The Federalism Project

American Enterprise Institute

Granholm v Heald/Swedenburg v Kelly

Do state regulations that permit in-state wineries, but not out of state wineries, to ship alcohol to consumers violate the dormant Commerce Clause in light of the Twenty-first Amendment?

The so-called “dormant” Commerce Clause limits to what states may do to impede their sister states’ trade. As a general rule, states may not brazenly discriminate against out-of-state producers who wish to engage in commerce within their borders. As the Supremes observed in 1949, “Neither the power to tax nor the police power may be used…with the aim and effect of establishing an economic barrier against competition with the products of another state or the labor of its residents. Restrictions so contrived are an unreasonable clog upon the mobility of commerce.”

In Granholm, the logic of the dormant Commerce Clause meets the 21st  Amendment, which gives states’ considerable leeway to regulate liquor according to local preferences.
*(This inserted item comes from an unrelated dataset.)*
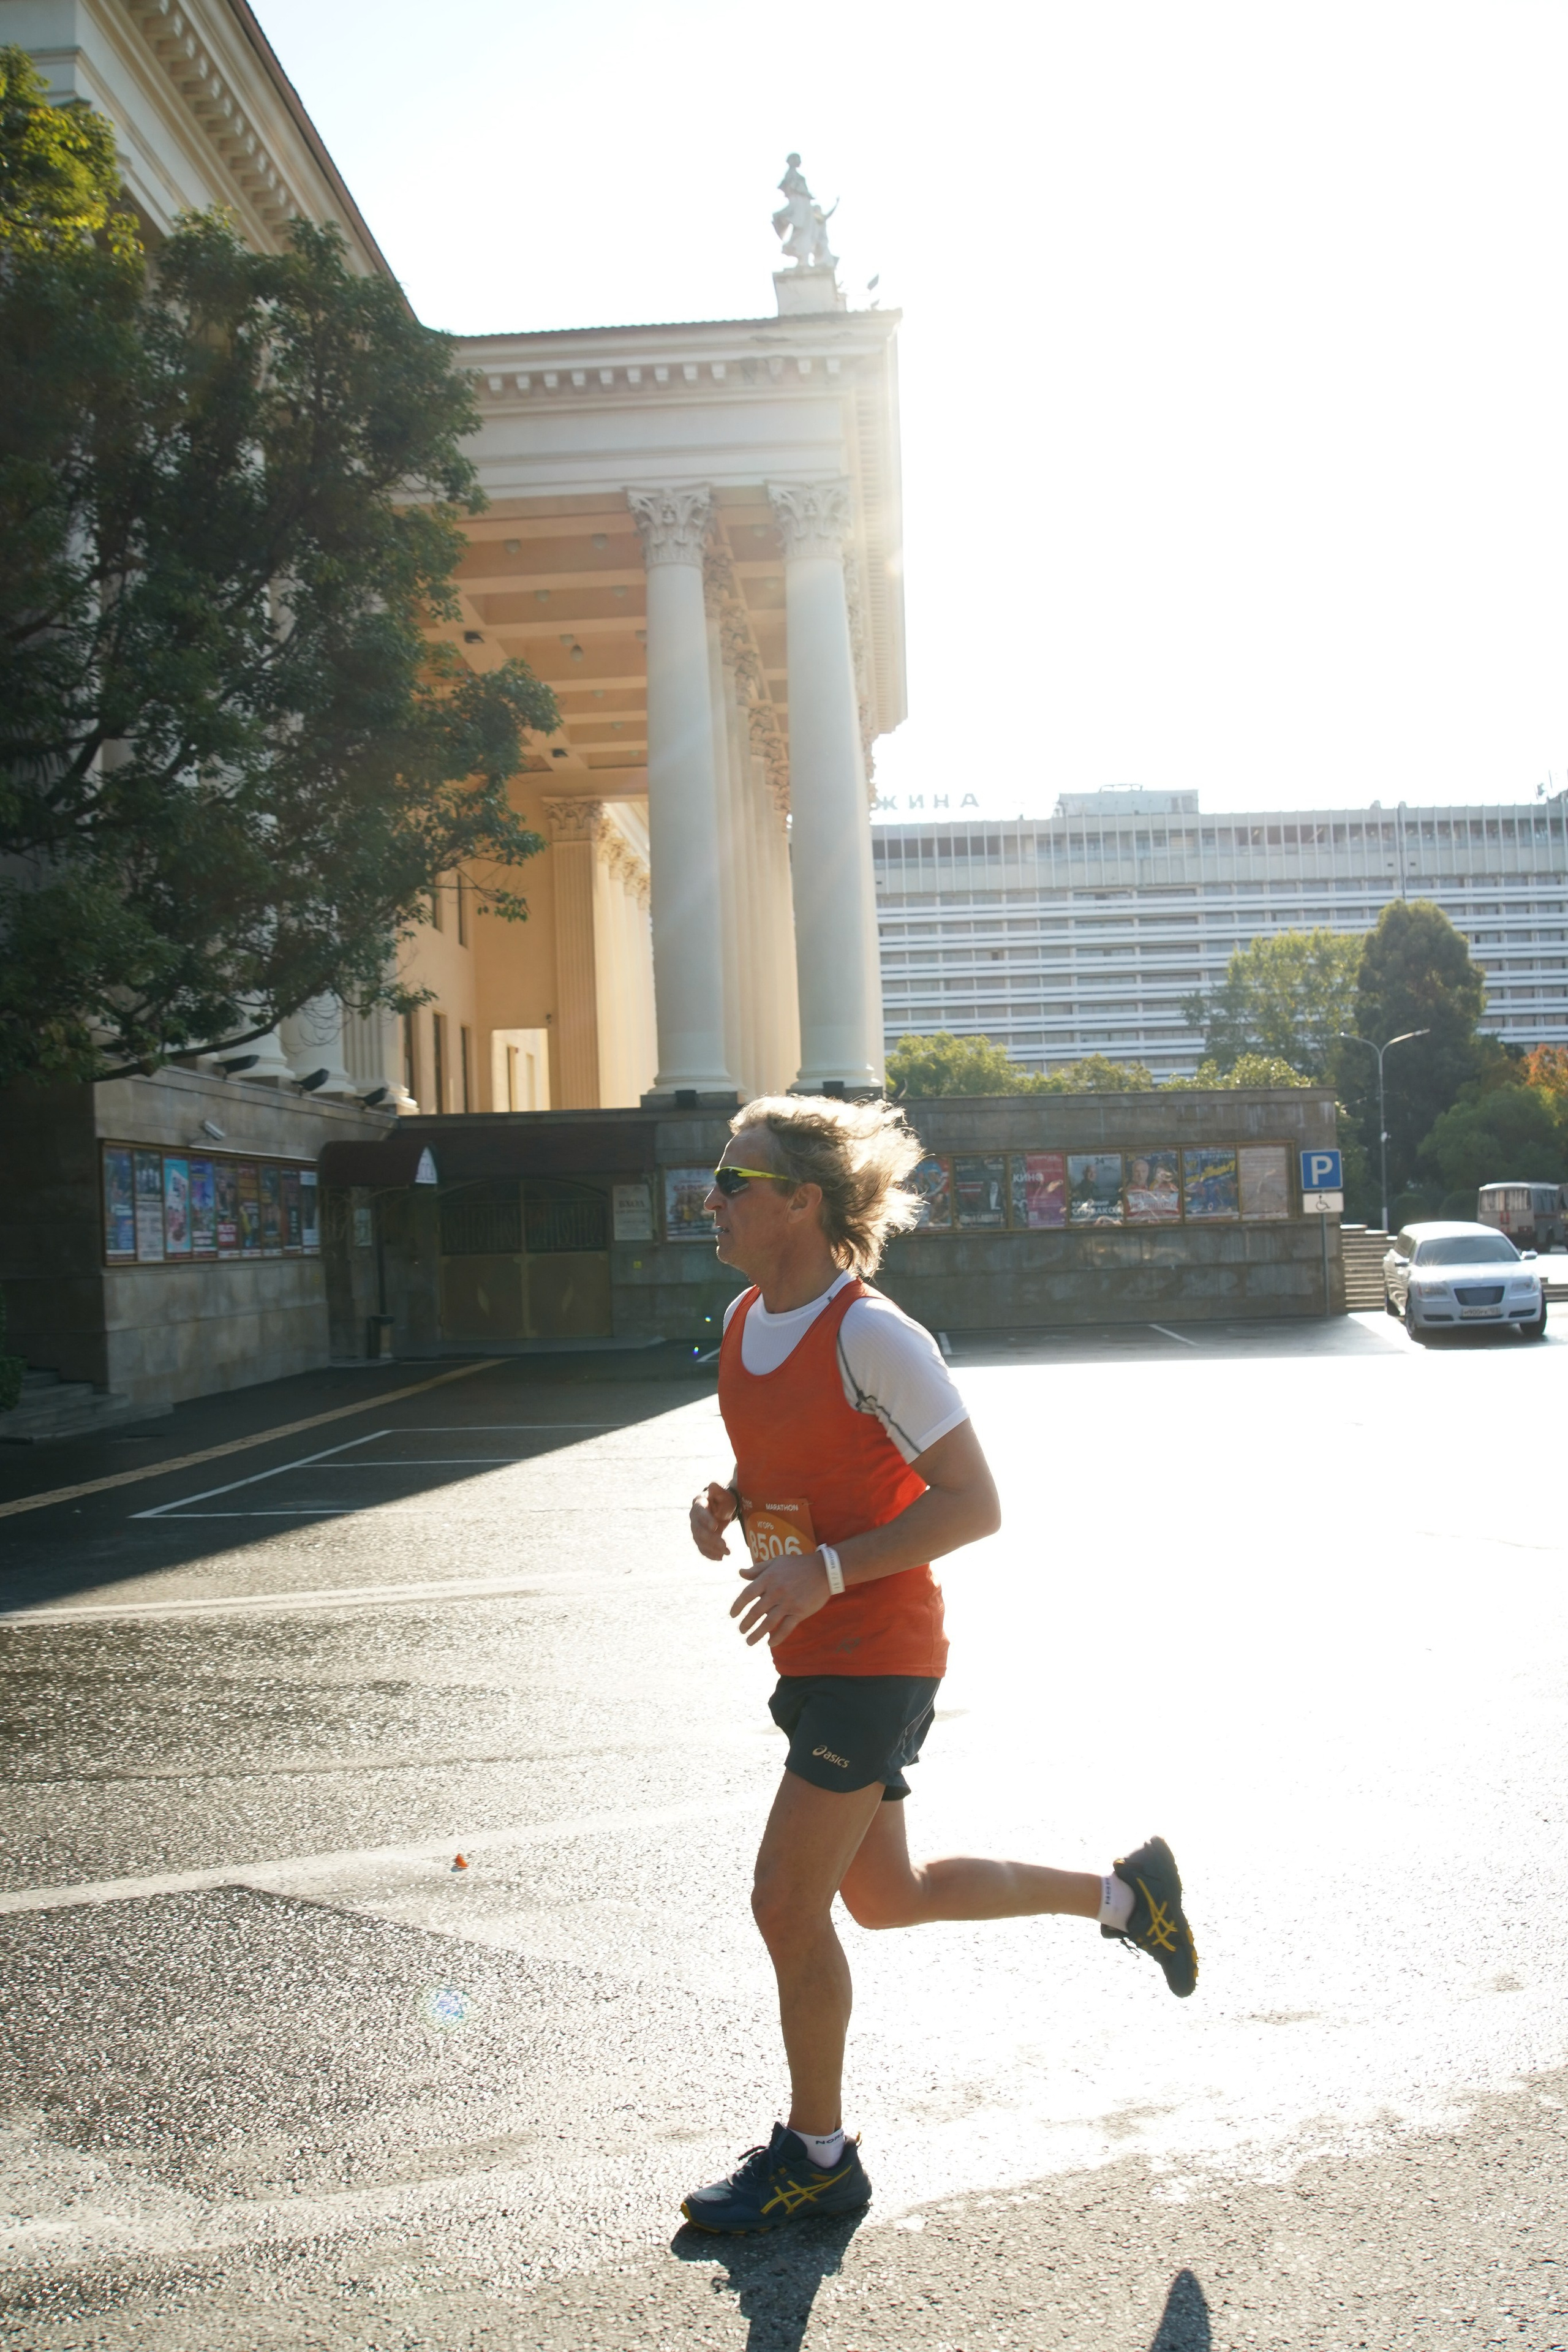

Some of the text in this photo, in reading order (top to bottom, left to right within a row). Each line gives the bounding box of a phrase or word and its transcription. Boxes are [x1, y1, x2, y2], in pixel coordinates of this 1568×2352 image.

Since the late 1930’s, the Supremes have wrestled with the contours of state power in this area. In Granholm, the Justices will consider whether state laws that permit direct (Internet) wine shipments by in-state producers but not by out-of-state wineries run afoul of Commerce Clause principles.

Rhetoric around these cases is pitched, with advocates for the wineries championing liberty and free trade and their opponents (including 35 states) defending state integrity and health and safety concerns.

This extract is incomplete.